• [Problem statement] Please give the data again in full, exactly as it reads.

··········

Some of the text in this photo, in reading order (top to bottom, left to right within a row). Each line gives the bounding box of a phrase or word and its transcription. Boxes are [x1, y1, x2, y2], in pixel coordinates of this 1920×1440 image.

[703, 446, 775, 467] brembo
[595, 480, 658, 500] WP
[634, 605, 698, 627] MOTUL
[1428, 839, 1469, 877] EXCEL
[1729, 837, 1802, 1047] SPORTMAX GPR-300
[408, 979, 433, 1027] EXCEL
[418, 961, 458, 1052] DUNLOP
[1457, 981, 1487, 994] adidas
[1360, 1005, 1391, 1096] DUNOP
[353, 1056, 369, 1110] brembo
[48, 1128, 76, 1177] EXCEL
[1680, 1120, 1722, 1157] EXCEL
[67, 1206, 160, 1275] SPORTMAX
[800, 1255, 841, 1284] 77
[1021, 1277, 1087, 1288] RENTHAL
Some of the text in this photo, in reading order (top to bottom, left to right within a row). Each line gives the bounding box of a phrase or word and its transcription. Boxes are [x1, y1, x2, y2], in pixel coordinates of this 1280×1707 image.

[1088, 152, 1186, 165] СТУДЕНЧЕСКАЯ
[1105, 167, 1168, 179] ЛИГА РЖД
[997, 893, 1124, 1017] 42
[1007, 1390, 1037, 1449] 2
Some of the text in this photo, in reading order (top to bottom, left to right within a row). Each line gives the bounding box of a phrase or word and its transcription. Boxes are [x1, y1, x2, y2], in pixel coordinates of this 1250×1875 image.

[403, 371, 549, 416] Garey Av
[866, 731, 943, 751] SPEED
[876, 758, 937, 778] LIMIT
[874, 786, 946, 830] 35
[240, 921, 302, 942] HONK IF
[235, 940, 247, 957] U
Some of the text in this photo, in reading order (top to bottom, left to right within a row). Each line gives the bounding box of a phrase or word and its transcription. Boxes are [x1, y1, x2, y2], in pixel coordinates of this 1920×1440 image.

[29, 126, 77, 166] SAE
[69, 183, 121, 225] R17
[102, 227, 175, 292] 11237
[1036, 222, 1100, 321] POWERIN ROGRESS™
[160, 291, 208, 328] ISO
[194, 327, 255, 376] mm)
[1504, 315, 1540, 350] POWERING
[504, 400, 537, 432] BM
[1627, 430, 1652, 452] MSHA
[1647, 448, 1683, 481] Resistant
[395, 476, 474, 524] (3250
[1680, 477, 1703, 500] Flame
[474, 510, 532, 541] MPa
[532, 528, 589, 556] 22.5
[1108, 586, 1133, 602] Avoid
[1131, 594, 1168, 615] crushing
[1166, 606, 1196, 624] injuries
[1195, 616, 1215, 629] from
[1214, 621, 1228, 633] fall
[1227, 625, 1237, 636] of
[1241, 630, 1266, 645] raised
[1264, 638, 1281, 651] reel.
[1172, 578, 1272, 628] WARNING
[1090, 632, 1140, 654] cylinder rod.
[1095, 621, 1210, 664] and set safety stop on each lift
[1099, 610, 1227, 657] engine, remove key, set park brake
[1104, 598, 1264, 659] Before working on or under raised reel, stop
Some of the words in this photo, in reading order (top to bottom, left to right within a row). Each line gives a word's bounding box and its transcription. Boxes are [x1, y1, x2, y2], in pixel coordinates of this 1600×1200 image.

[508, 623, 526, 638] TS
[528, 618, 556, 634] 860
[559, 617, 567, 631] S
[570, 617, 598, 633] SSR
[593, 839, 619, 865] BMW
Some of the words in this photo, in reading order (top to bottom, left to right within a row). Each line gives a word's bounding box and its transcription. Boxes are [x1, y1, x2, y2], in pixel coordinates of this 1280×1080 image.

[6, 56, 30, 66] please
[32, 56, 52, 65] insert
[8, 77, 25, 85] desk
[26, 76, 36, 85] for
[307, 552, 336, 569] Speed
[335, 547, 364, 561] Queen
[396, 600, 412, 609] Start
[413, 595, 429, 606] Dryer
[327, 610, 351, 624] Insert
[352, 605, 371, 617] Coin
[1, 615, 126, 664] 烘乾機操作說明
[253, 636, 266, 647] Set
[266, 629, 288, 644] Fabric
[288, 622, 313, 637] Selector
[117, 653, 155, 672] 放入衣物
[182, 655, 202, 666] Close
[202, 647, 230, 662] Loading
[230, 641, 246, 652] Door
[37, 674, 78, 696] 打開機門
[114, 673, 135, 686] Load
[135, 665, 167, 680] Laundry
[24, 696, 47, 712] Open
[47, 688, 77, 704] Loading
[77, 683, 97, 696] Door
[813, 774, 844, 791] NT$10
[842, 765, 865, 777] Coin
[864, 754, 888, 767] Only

··········

• [Answer]
Some of the text in this photo, in reading order (top to bottom, left to right within a row). Each line gives the bounding box of a phrase or word and its transcription. Boxes are [x1, y1, x2, y2], in pixel coordinates of this 1920×1440 image.

[703, 446, 775, 467] brembo
[595, 480, 658, 500] WP
[634, 605, 698, 627] MOTUL
[1428, 839, 1469, 877] EXCEL
[1729, 837, 1802, 1047] SPORTMAX GPR-300
[408, 979, 433, 1027] EXCEL
[418, 961, 458, 1052] DUNLOP
[1457, 981, 1487, 994] adidas
[1360, 1005, 1391, 1096] DUNOP
[353, 1056, 369, 1110] brembo
[48, 1128, 76, 1177] EXCEL
[1680, 1120, 1722, 1157] EXCEL
[67, 1206, 160, 1275] SPORTMAX
[800, 1255, 841, 1284] 77
[1021, 1277, 1087, 1288] RENTHAL
Some of the text in this photo, in reading order (top to bottom, left to right within a row). Each line gives the bounding box of a phrase or word and its transcription. Boxes are [x1, y1, x2, y2], in pixel coordinates of this 1280×1707 image.

[1088, 152, 1186, 165] СТУДЕНЧЕСКАЯ
[1105, 167, 1168, 179] ЛИГА РЖД
[997, 893, 1124, 1017] 42
[1007, 1390, 1037, 1449] 2
Some of the text in this photo, in reading order (top to bottom, left to right within a row). Each line gives the bounding box of a phrase or word and its transcription. Boxes are [x1, y1, x2, y2], in pixel coordinates of this 1250×1875 image.

[403, 371, 549, 416] Garey Av
[866, 731, 943, 751] SPEED
[876, 758, 937, 778] LIMIT
[874, 786, 946, 830] 35
[240, 921, 302, 942] HONK IF
[235, 940, 247, 957] U
Some of the text in this photo, in reading order (top to bottom, left to right within a row). Each line gives the bounding box of a phrase or word and its transcription. Boxes are [x1, y1, x2, y2], in pixel coordinates of this 1920×1440 image.

[29, 126, 77, 166] SAE
[69, 183, 121, 225] R17
[102, 227, 175, 292] 11237
[1036, 222, 1100, 321] POWERIN ROGRESS™
[160, 291, 208, 328] ISO
[194, 327, 255, 376] mm)
[1504, 315, 1540, 350] POWERING
[504, 400, 537, 432] BM
[1627, 430, 1652, 452] MSHA
[1647, 448, 1683, 481] Resistant
[395, 476, 474, 524] (3250
[1680, 477, 1703, 500] Flame
[474, 510, 532, 541] MPa
[532, 528, 589, 556] 22.5
[1108, 586, 1133, 602] Avoid
[1131, 594, 1168, 615] crushing
[1166, 606, 1196, 624] injuries
[1195, 616, 1215, 629] from
[1214, 621, 1228, 633] fall
[1227, 625, 1237, 636] of
[1241, 630, 1266, 645] raised
[1264, 638, 1281, 651] reel.
[1172, 578, 1272, 628] WARNING
[1090, 632, 1140, 654] cylinder rod.
[1095, 621, 1210, 664] and set safety stop on each lift
[1099, 610, 1227, 657] engine, remove key, set park brake
[1104, 598, 1264, 659] Before working on or under raised reel, stop
Some of the words in this photo, in reading order (top to bottom, left to right within a row). Each line gives a word's bounding box and its transcription. Boxes are [x1, y1, x2, y2], in pixel coordinates of this 1600×1200 image.

[508, 623, 526, 638] TS
[528, 618, 556, 634] 860
[559, 617, 567, 631] S
[570, 617, 598, 633] SSR
[593, 839, 619, 865] BMW
Some of the words in this photo, in reading order (top to bottom, left to right within a row). Each line gives a word's bounding box and its transcription. Boxes are [x1, y1, x2, y2], in pixel coordinates of this 1280×1080 image.

[6, 56, 30, 66] please
[32, 56, 52, 65] insert
[8, 77, 25, 85] desk
[26, 76, 36, 85] for
[307, 552, 336, 569] Speed
[335, 547, 364, 561] Queen
[396, 600, 412, 609] Start
[413, 595, 429, 606] Dryer
[327, 610, 351, 624] Insert
[352, 605, 371, 617] Coin
[1, 615, 126, 664] 烘乾機操作說明
[253, 636, 266, 647] Set
[266, 629, 288, 644] Fabric
[288, 622, 313, 637] Selector
[117, 653, 155, 672] 放入衣物
[182, 655, 202, 666] Close
[202, 647, 230, 662] Loading
[230, 641, 246, 652] Door
[37, 674, 78, 696] 打開機門
[114, 673, 135, 686] Load
[135, 665, 167, 680] Laundry
[24, 696, 47, 712] Open
[47, 688, 77, 704] Loading
[77, 683, 97, 696] Door
[813, 774, 844, 791] NT$10
[842, 765, 865, 777] Coin
[864, 754, 888, 767] Only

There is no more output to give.